When Protein Breakdown Breaks Down: Bacterial toxin yields signs of Parkinson’s
By Ben Harder
Certain compounds that hinder cells from destroying waste proteins can produce symptoms of Parkinson’s disease in rats, researchers report. That finding could lead to a new animal model for studying the brain disorder. It also raises the possibility that environmental exposure to a class of compounds known as proteasome inhibitors explains some cases of Parkinson’s in people.
In Parkinson’s disease, neurons die in certain brain areas and abnormal proteins form clusters in other neurons there. Tremors, rigidity, sluggish movement, and balance problems mark the progressive ailment.
The majority of Parkinson’s cases have no known cause, but some cases have been linked to genetic abnormalities that impair cells’ capacity to break down proteins. Barrel-shaped structures known as proteasomes are part of the cellular machinery that normally disposes of molecular trash.
Some chemicals interfere with proteasome activity. These include toxins produced by bacteria and fungi, certain plant compounds, some pesticides, and a synthetic chemical used to treat leukemia. Kevin McNaught of Mount Sinai School of Medicine in New York City and his colleagues have tested whether such inhibitors could produce effects similar to those caused by genetic proteasome abnormalities.
Over 2 weeks, the researchers gave each rat six injections containing the proteasome-inhibiting bacterial toxin epoxomicin, a synthetic proteasome inhibitor called PSI, or a solution devoid of inhibitors. They then studied the animals for up to 21 weeks before dissecting their brains.
Within three to 4 weeks, each rat that had received either of the proteasome inhibitors developed Parkinson’s-like behaviors such as tremors and slowed movement, McNaught and his colleagues report in the July Annals of Neurology. The symptoms worsened with time. Brain tissue from these animals revealed protein clusters in Parkinson’s-related areas of the brain and a reduced number of neurons in those regions. Rats in the third group showed no such changes.

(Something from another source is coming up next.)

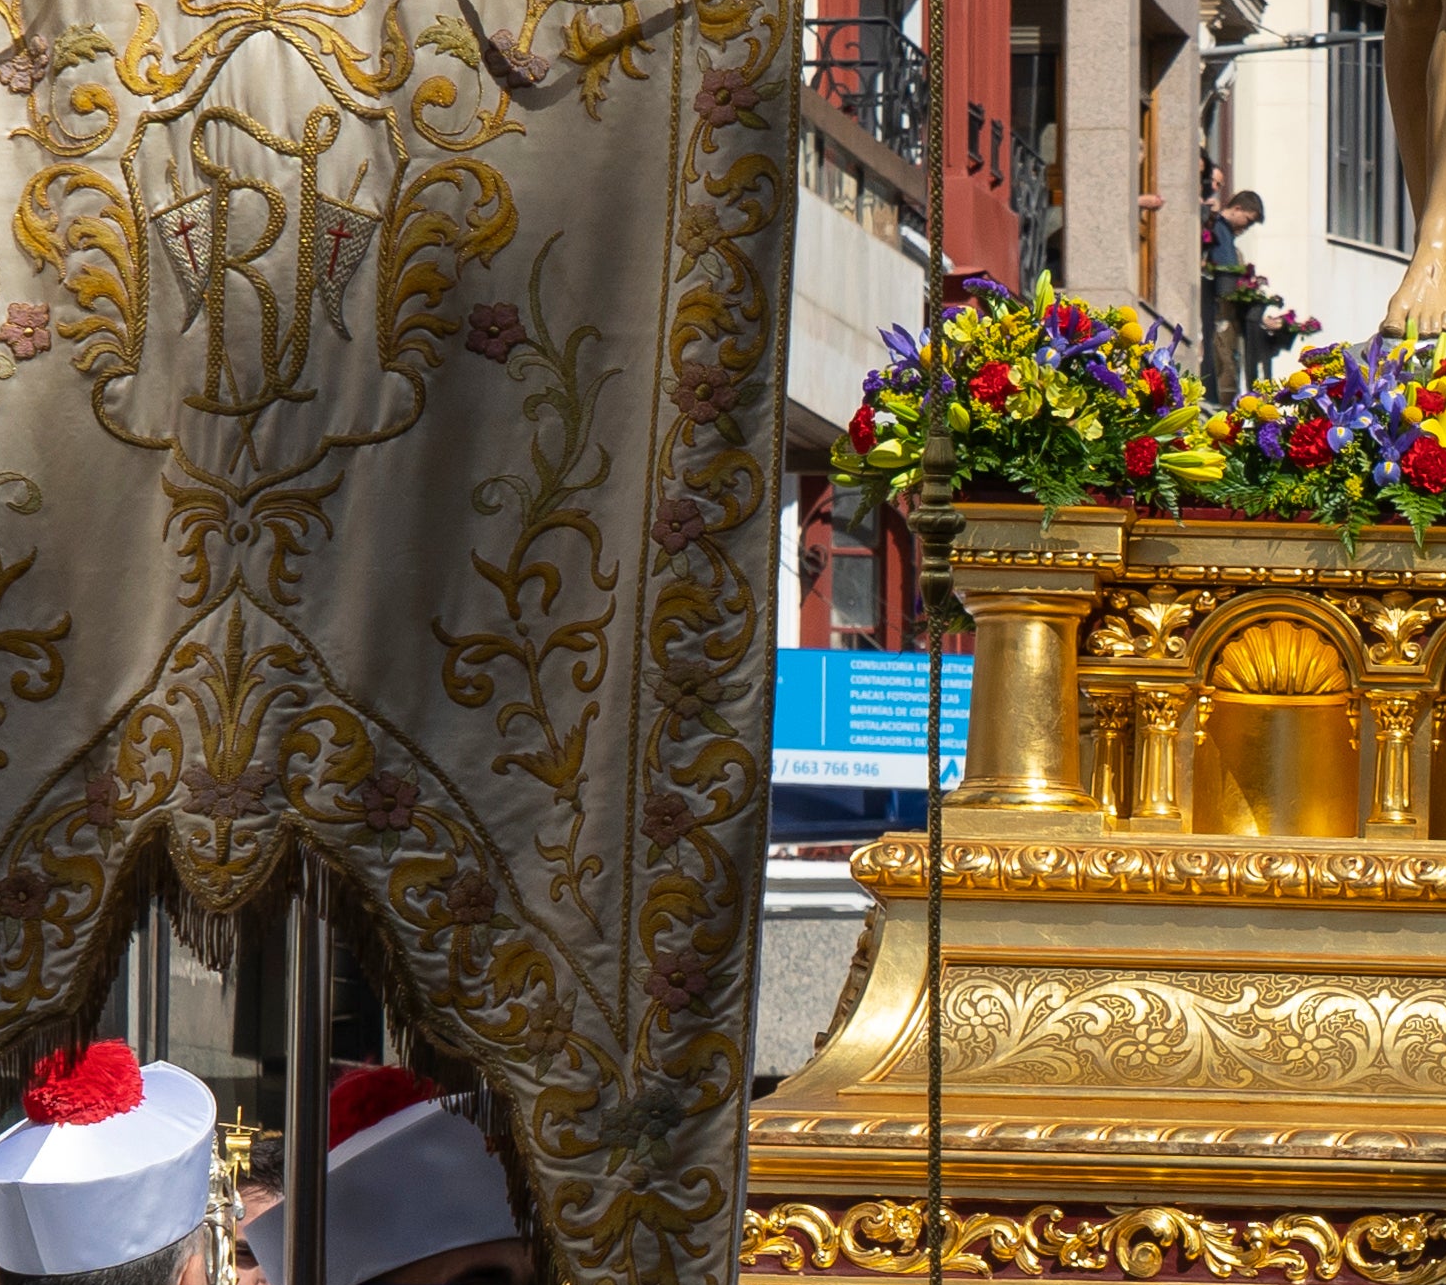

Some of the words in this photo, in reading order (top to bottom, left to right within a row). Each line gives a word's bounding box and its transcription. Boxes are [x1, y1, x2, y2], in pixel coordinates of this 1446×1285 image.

[793, 760, 819, 775] 663
[823, 761, 849, 775] 766
[853, 762, 880, 777] 946

The new findings could provide a “huge clue” to the causes of currently unexplained cases of the disease, says C. Warren Olanow, McNaught’s Mount Sinai colleague. Giving proteasome inhibitors to rats “more closely [simulates] Parkinson’s disease than any animal model that has been developed to date,” he adds.
For that reason and because proteasome inhibitors are relatively easy to handle in the lab, the findings could be a boon for Parkinson’s research, says Valina Dawson of the Johns Hopkins Medical Institutions in Baltimore.
“It’s a great step forward,” says Mark Cookson of the National Institutes of Health in Bethesda, Md. But he adds that the rats’ tremors, as they appear in a brief video that he has viewed, seem somewhat different from those observable in Parkinson’s patients.
“To me, those rats looked miserably sick, but not Parkinsonian,” says neuroscientist Serge Przedborski of Columbia University, who also saw the video. He considers it premature to attribute the rats’ behavioral changes to proteasome inhibition rather than other toxic effects of PSI and epoxomicin.
Nevertheless, McNaught and his colleagues speculate that because proteasome inhibitors occur widely, exposure to these agents could represent an important environmental risk factor for Parkinson’s disease. As yet, human exposure to these compounds remains largely undocumented.